Bersani (che, a rigore, non risulta essere più segretario del partito) si vanta di un accordo con Epifani e con Letta per tenersi le mani libere, non indicando né data né regole del congresso. A garanzia del notabilato che governa il PD. Senza altre motivazioni e strategie.

Le cronache della direzione nazionale di ieri raccontano di un segretario, Epifani, che si lascia sfuggire di mala voglia, solo annuendo infastidito (neanche le palle per dire qualcosa, o negarlo), la conferma di una data richiesta dai pochi parlamentari (non membri della nomenclatura) che ancora chiedono qualcosa. Poi smentito immediatamente dal solito Zoggia.
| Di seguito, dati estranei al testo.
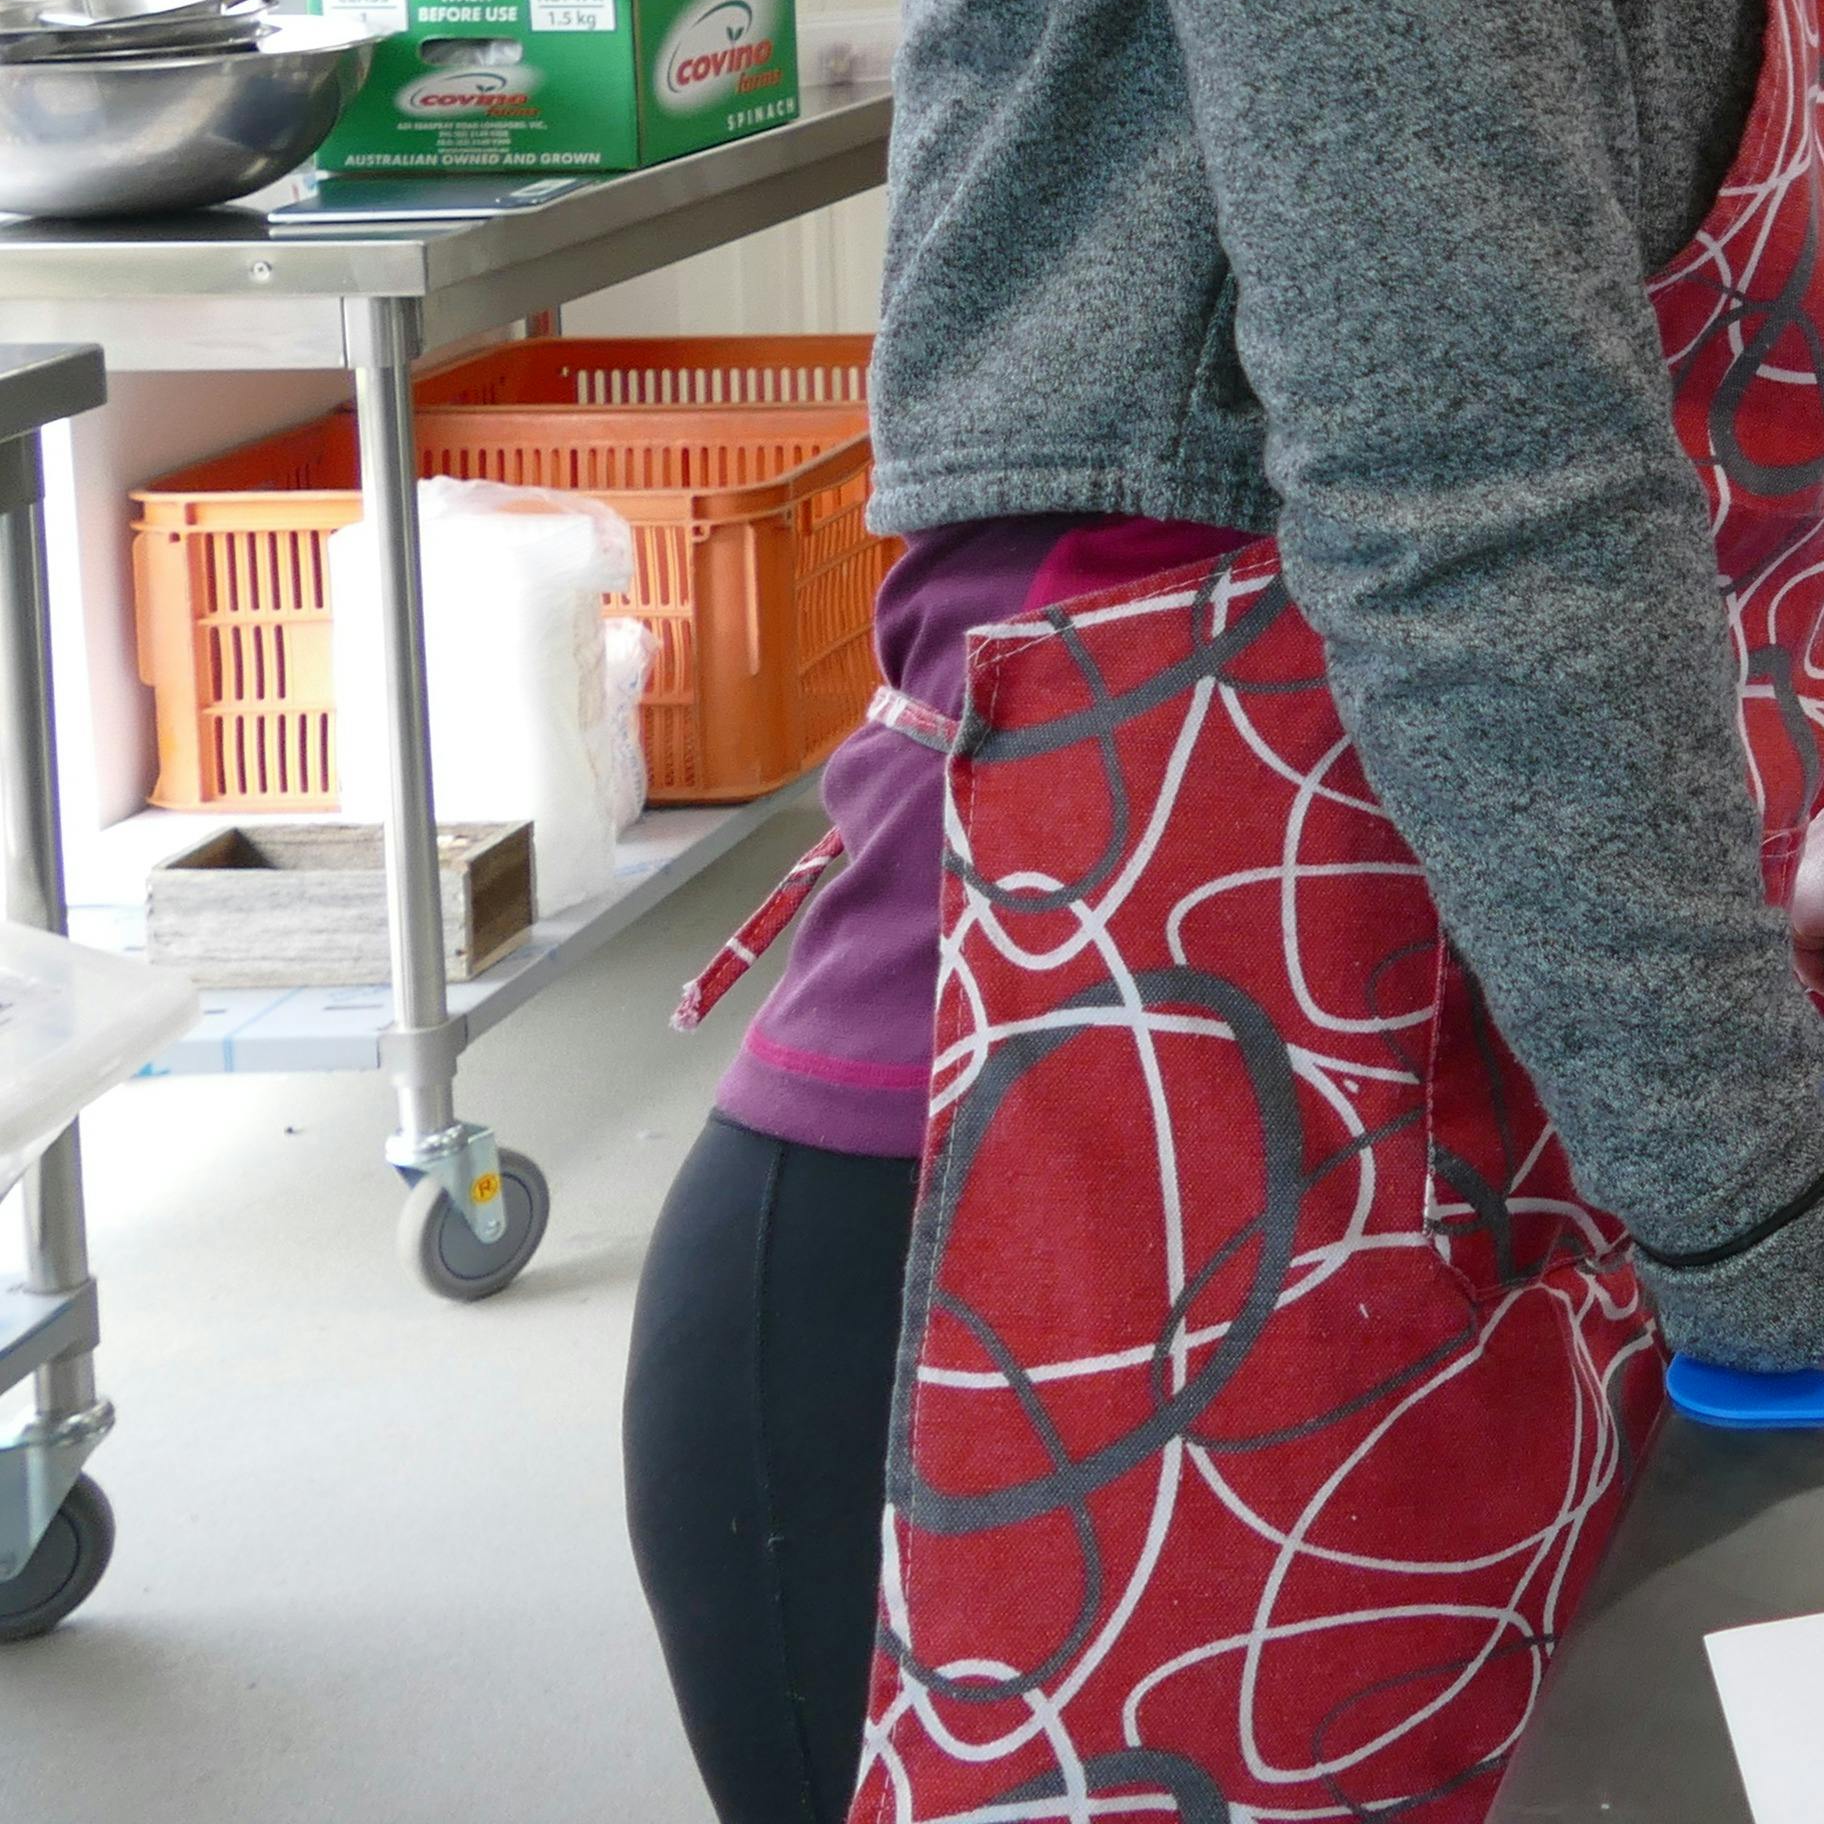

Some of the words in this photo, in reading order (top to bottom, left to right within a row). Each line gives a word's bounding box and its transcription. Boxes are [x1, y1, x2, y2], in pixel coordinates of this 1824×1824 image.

La direzione nazionale, come altre riunioni di altri organismi del partito, si conferma essere non un luogo decisionale, ma solo un luogo confermativo di decisioni prese dal solito caminetto di notabili, che Epifani aveva assai umoristicamente detto che avrebbe abolito, subito dopo essere stato messo in sella al partito dal caminetto medesimo, e a sua garanzia.
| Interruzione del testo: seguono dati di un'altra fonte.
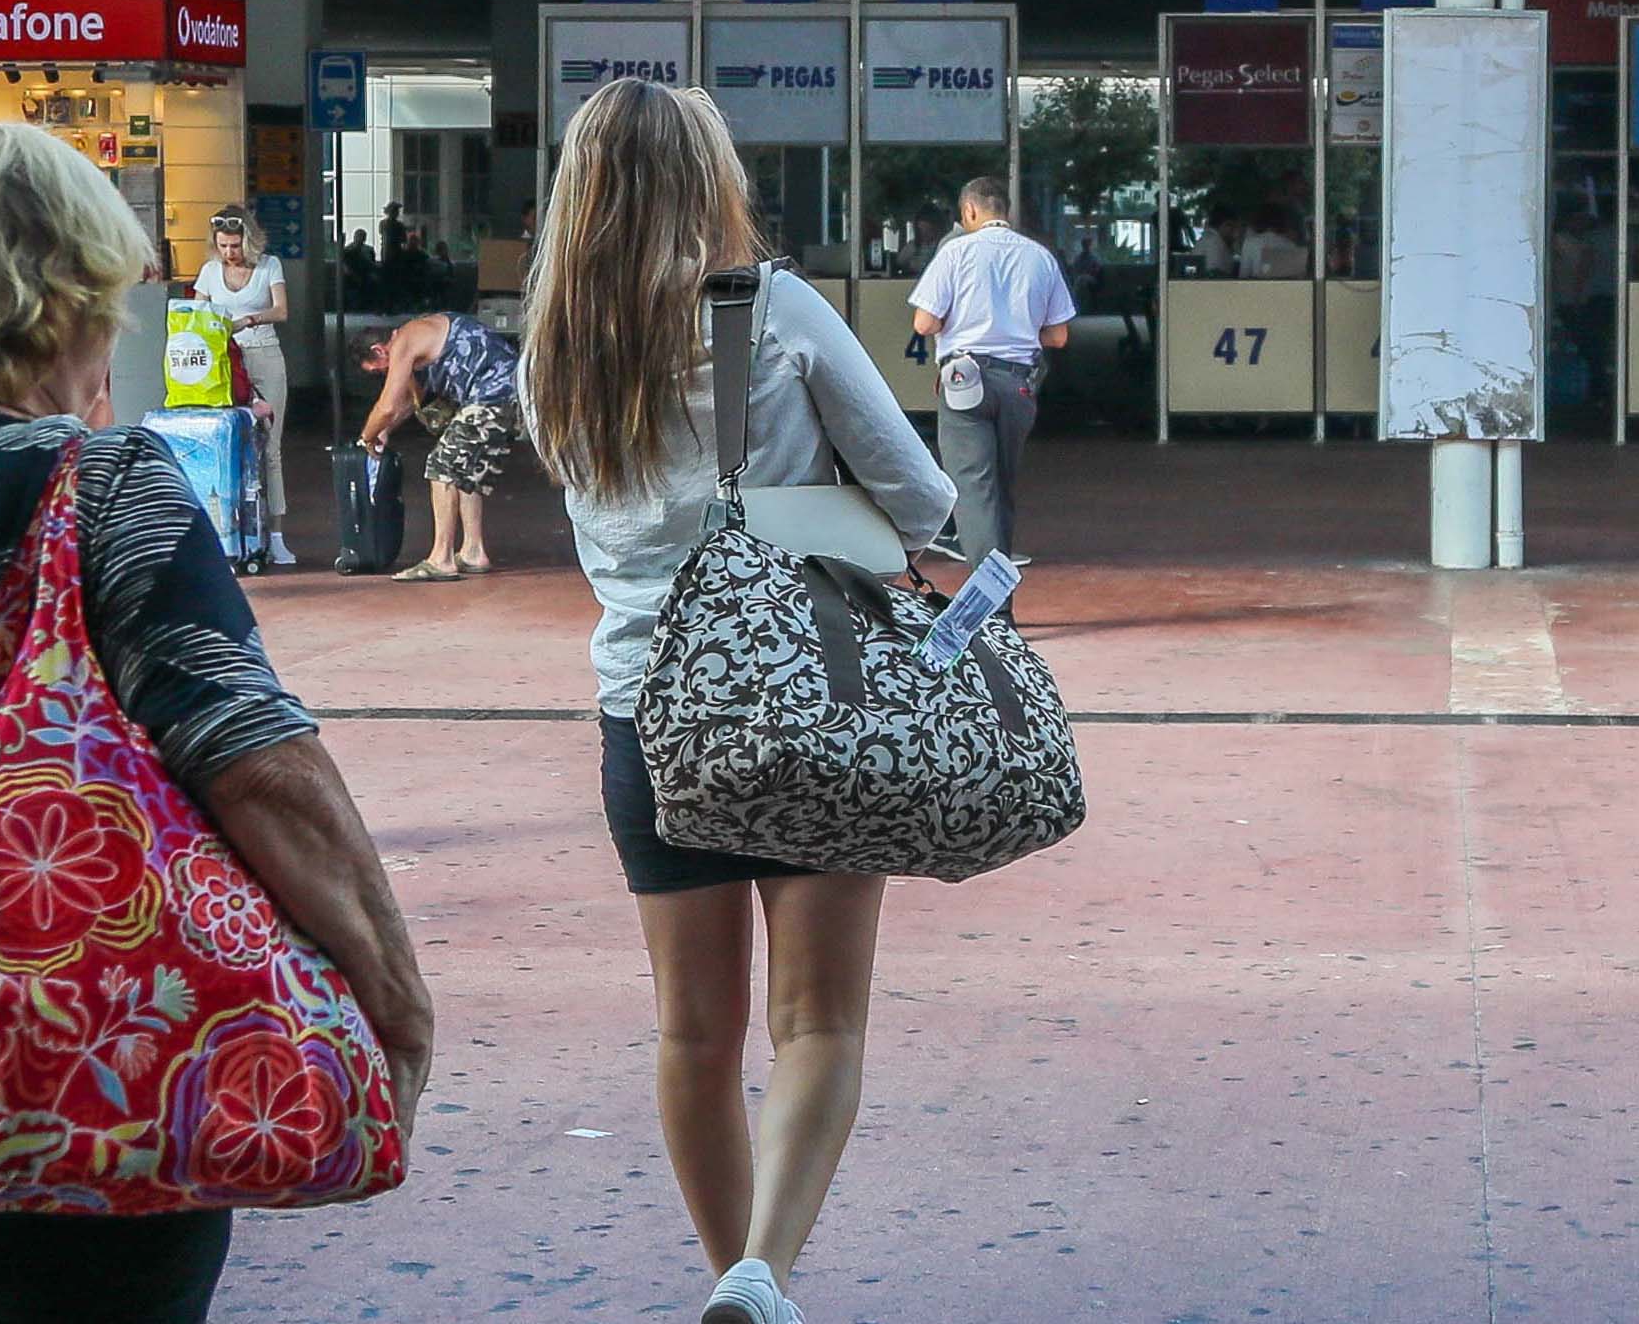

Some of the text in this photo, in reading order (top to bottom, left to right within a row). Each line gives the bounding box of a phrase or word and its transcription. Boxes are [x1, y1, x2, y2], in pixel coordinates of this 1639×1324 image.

[190, 14, 240, 48] vodafone
[612, 60, 678, 83] PEGAS
[771, 66, 836, 88] PEGAS
[928, 66, 994, 91] PEGAS
[1178, 62, 1302, 89] Pegas Select
[1213, 327, 1268, 366] 47
E il PD, intanto, va allo sbando: una barca senza timoniere e senza rotta. Senza mappa, senza punti di riferimento tra le stelle, senza capacità di cogliere i venti. Alla deriva.
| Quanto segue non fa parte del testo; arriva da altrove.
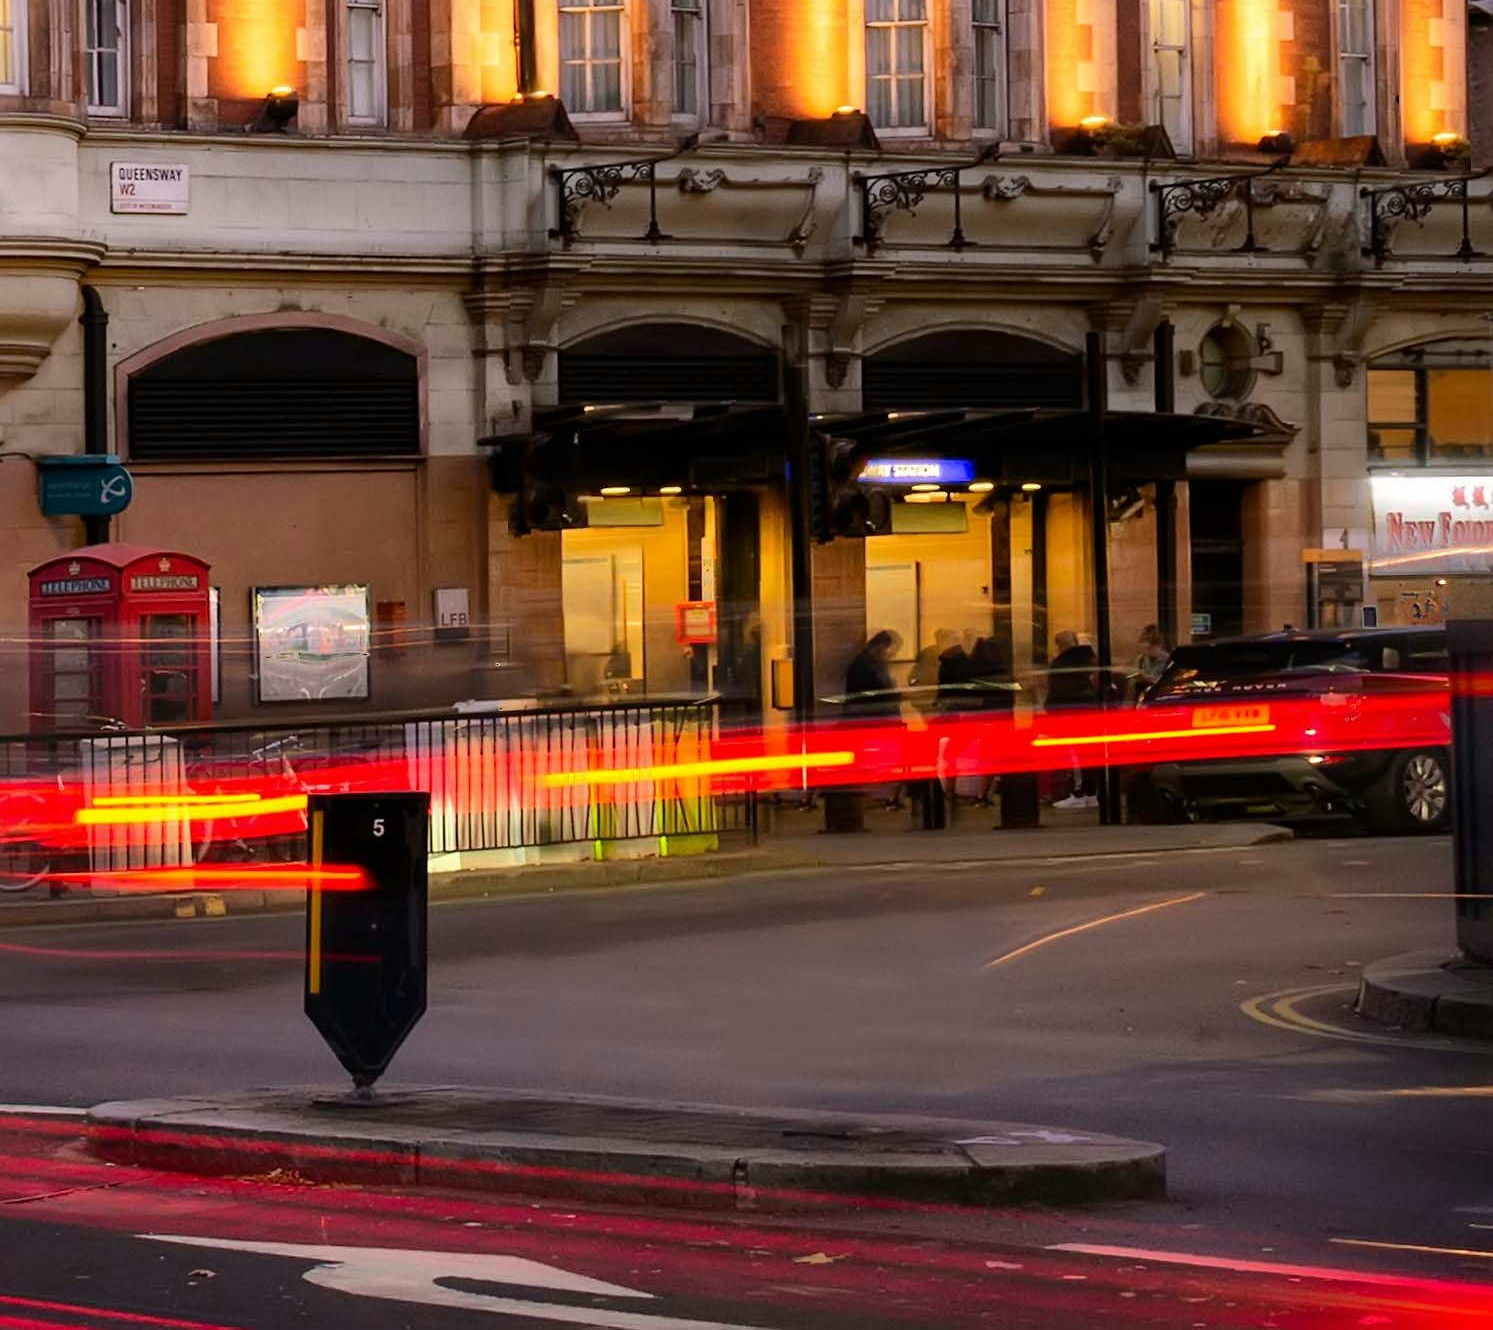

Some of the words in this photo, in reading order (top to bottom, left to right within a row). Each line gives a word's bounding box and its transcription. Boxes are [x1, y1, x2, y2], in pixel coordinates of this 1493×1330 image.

[118, 167, 183, 181] QUEENSWAY
[119, 183, 136, 196] W2
[44, 580, 110, 594] TELEPHONE
[133, 577, 196, 589] TELEPHONE
[441, 612, 468, 627] LFB
[372, 818, 385, 837] 5
La previsione è facile. Perché non è altro che la ripetizione del passato (e quindi, nella logica del buon vecchio Marx, una farsa). Si arriverà a settembre, quando già sarà troppo tardi per organizzare decentemente un congresso a novembre. Si cambieranno le regole, litigando e facendo la solita figuraccia davanti a un elettorato allibito, per rendere la vita difficile ai candidati del rinnovamento. Si impedirà, con le solite regole inventate all’ultimo, al livello locale di organizzarsi per determinare un cambiamento anche al livello centrale (in modo che, se anche al centro vincesse una persona sgradita al notabilato – che poi oggi sono tutti tranne Letta e Epifani stesso, visto che il candidato bersaniano con qualche speranza di vittoria ancora non sono riusciti a trovarlo – questa poi non riesca a controllare davvero il partito). Alla fine cambierà poco. Il partito perderà ulteriormente consensi. Ma loro saranno contenti, perché lo controlleranno ancora, garantendosi reciprocamente la sopravvivenza.

Questo è il partito che loro vogliono. E ci prendono per estenuazione, sperando che noi ce ne andiamo, perché non ne possiamo più di questa presa in giro. A loro andrebbe benissimo. Meno consensi, certo. Ma anche meno rompiballe in giro, e loro a continuare i loro soliti giochini. Questa è l’attuale dirigenza del PD.